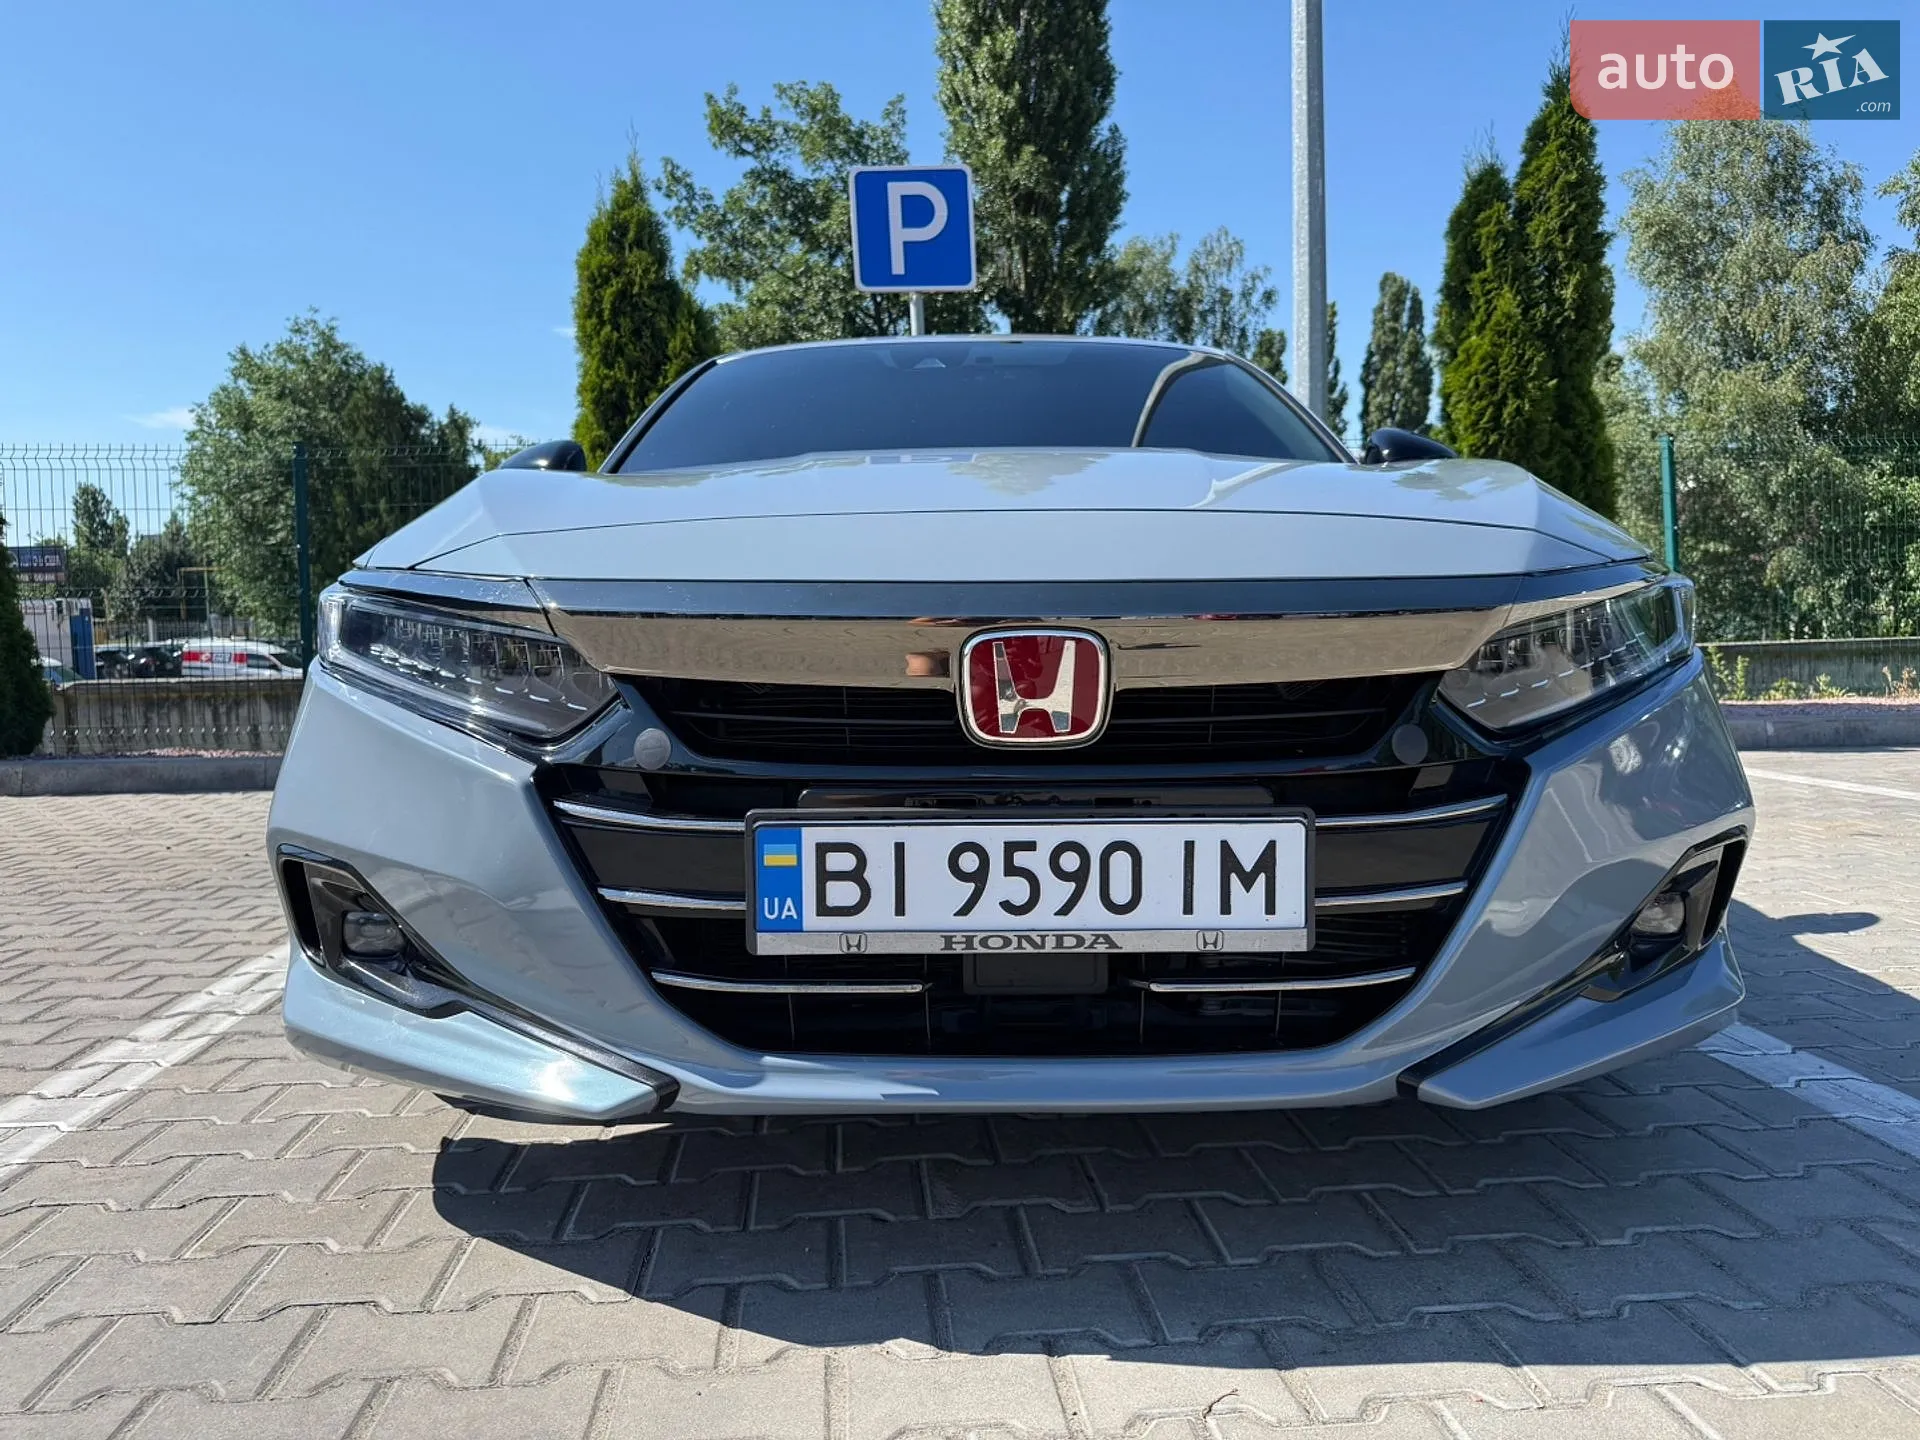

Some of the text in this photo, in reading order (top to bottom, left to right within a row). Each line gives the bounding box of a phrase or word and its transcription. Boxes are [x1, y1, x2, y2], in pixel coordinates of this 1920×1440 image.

[887, 181, 949, 275] P
[815, 838, 1279, 918] BI 9590 IM
[763, 897, 799, 920] UA
[939, 933, 1123, 952] HONDA
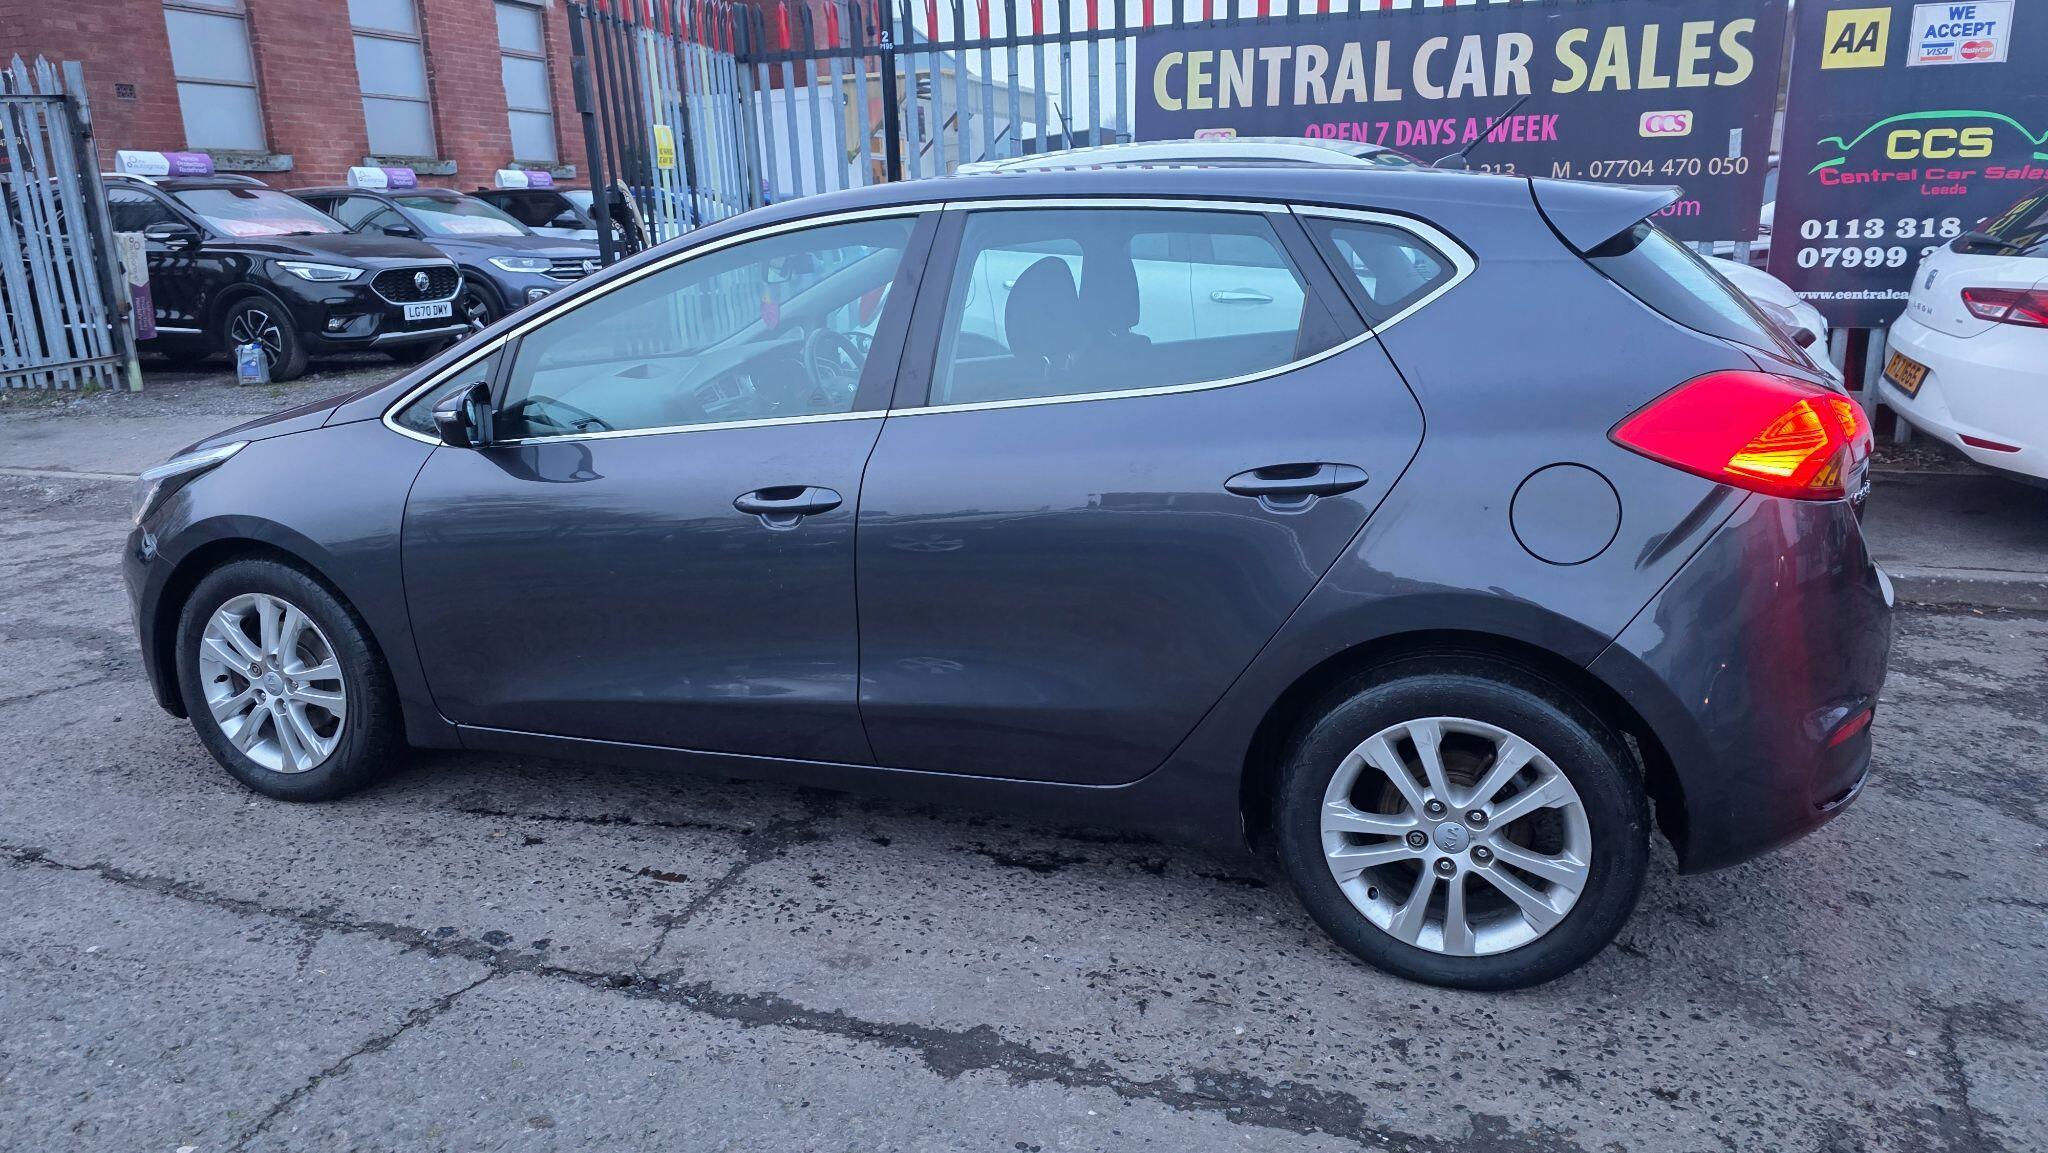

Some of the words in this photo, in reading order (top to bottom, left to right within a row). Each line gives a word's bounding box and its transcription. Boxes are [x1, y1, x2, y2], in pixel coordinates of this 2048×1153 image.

[1949, 6, 1976, 21] WE
[1829, 21, 1880, 54] AA
[1924, 21, 1996, 39] ACCEPT
[1926, 48, 1949, 56] VISA
[1153, 40, 1402, 111] CENTRAL
[1412, 32, 1532, 100] CAR
[1551, 18, 1756, 94] SALES
[1375, 122, 1390, 146] 7
[1395, 118, 1456, 147] DAYS
[1462, 118, 1478, 144] A
[1486, 114, 1560, 143] WEEK
[1645, 114, 1688, 133] CCS
[1886, 127, 1994, 160] CCS
[1552, 162, 1571, 178] M
[1589, 159, 1654, 178] 07704
[1661, 158, 1701, 176] 470
[1708, 157, 1749, 175] 050
[1820, 168, 1917, 185] Central
[1925, 168, 1976, 180] Car
[1921, 184, 1967, 195] Leeds
[1800, 218, 1885, 239] 0113
[1896, 217, 1961, 238] 318
[1797, 247, 1907, 268] 07999
[408, 305, 432, 318] LG70
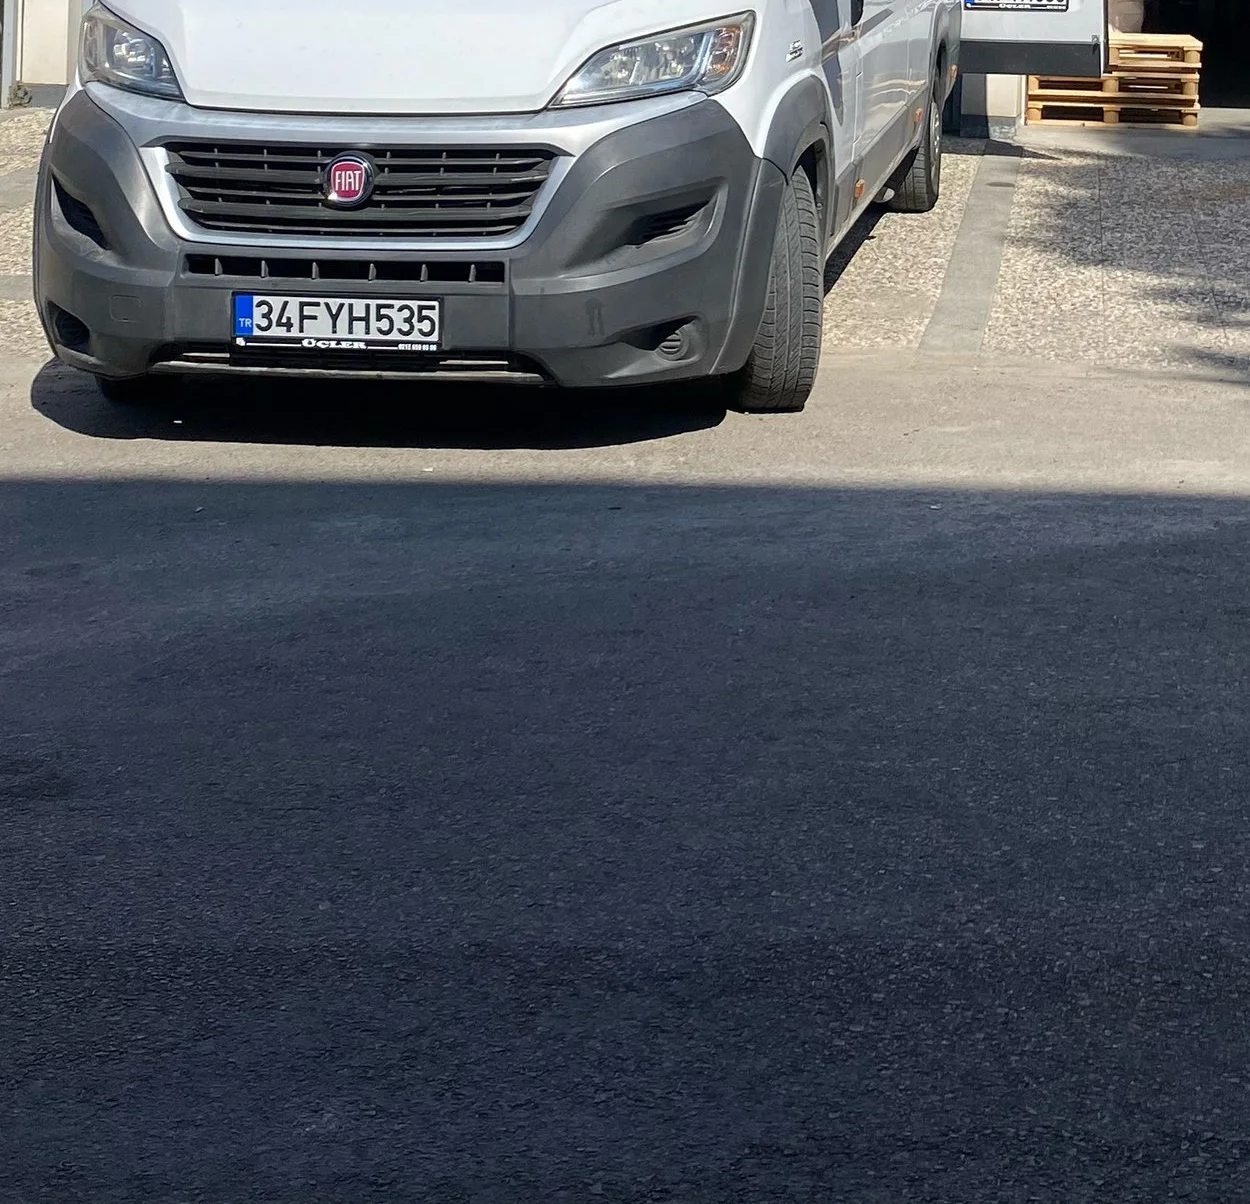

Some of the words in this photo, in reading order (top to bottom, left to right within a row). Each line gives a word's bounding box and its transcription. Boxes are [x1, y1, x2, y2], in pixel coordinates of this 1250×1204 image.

[335, 170, 361, 191] FIAT
[239, 318, 252, 328] TR
[254, 299, 436, 337] 34FYH535
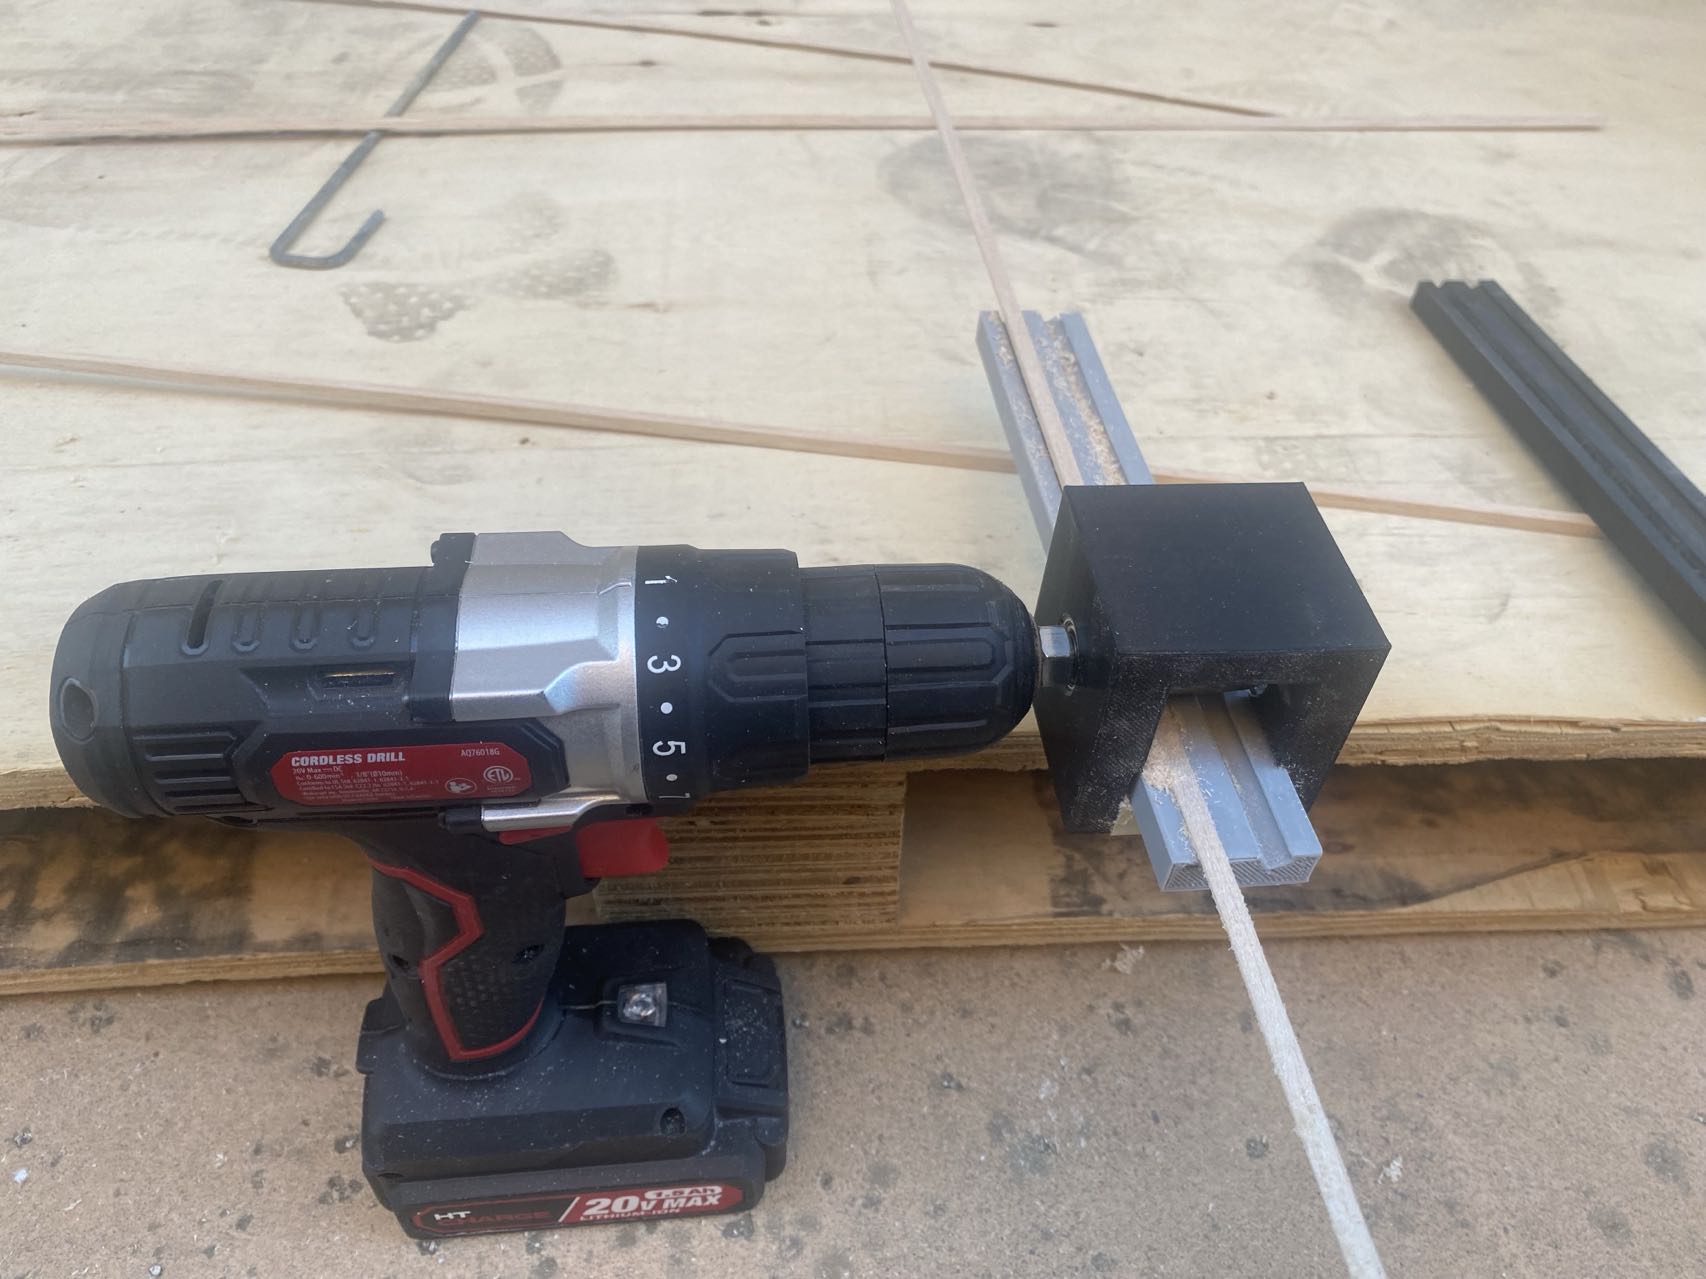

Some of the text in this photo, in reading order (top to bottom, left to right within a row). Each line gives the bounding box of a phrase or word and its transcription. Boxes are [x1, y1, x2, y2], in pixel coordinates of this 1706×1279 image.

[644, 575, 678, 585] 1
[647, 654, 681, 674] 3
[652, 740, 686, 756] 5
[291, 752, 406, 767] CORDLESS DRILL
[662, 1194, 723, 1210] MAX
[434, 1210, 471, 1220] HT

---*---

◆ **PROBLEM STATEMENT**
Reproduce the listing exactly. Leave its pictures out.

◆ **ANSWER BOX**
Some of the text in this photo, in reading order (top to bottom, left to right within a row). Each line gives the bounding box of a phrase or word and its transcription. Boxes are [x1, y1, x2, y2], in pixel coordinates of this 1920×1440 image.

[887, 181, 949, 275] P
[815, 838, 1279, 918] BI 9590 IM
[763, 897, 799, 920] UA
[939, 933, 1123, 952] HONDA

Some of the words in this photo, in reading order (top to bottom, left to right within a row). Each line gives a word's bounding box and its transcription. Boxes are [x1, y1, x2, y2], in pixel coordinates of this 2048×1153 image.

[1949, 6, 1976, 21] WE
[1829, 21, 1880, 54] AA
[1924, 21, 1996, 39] ACCEPT
[1926, 48, 1949, 56] VISA
[1153, 40, 1402, 111] CENTRAL
[1412, 32, 1532, 100] CAR
[1551, 18, 1756, 94] SALES
[1375, 122, 1390, 146] 7
[1395, 118, 1456, 147] DAYS
[1462, 118, 1478, 144] A
[1486, 114, 1560, 143] WEEK
[1645, 114, 1688, 133] CCS
[1886, 127, 1994, 160] CCS
[1552, 162, 1571, 178] M
[1589, 159, 1654, 178] 07704
[1661, 158, 1701, 176] 470
[1708, 157, 1749, 175] 050
[1820, 168, 1917, 185] Central
[1925, 168, 1976, 180] Car
[1921, 184, 1967, 195] Leeds
[1800, 218, 1885, 239] 0113
[1896, 217, 1961, 238] 318
[1797, 247, 1907, 268] 07999
[408, 305, 432, 318] LG70

Some of the words in this photo, in reading order (top to bottom, left to right within a row). Each line gives a word's bounding box and its transcription. Boxes are [x1, y1, x2, y2], in pixel coordinates of this 1250×1204 image.

[335, 170, 361, 191] FIAT
[239, 318, 252, 328] TR
[254, 299, 436, 337] 34FYH535

Some of the text in this photo, in reading order (top to bottom, left to right within a row). Each line gives the bounding box of a phrase or word and its transcription. Boxes are [x1, y1, x2, y2], in pixel coordinates of this 1706×1279 image.

[644, 575, 678, 585] 1
[647, 654, 681, 674] 3
[652, 740, 686, 756] 5
[291, 752, 406, 767] CORDLESS DRILL
[662, 1194, 723, 1210] MAX
[434, 1210, 471, 1220] HT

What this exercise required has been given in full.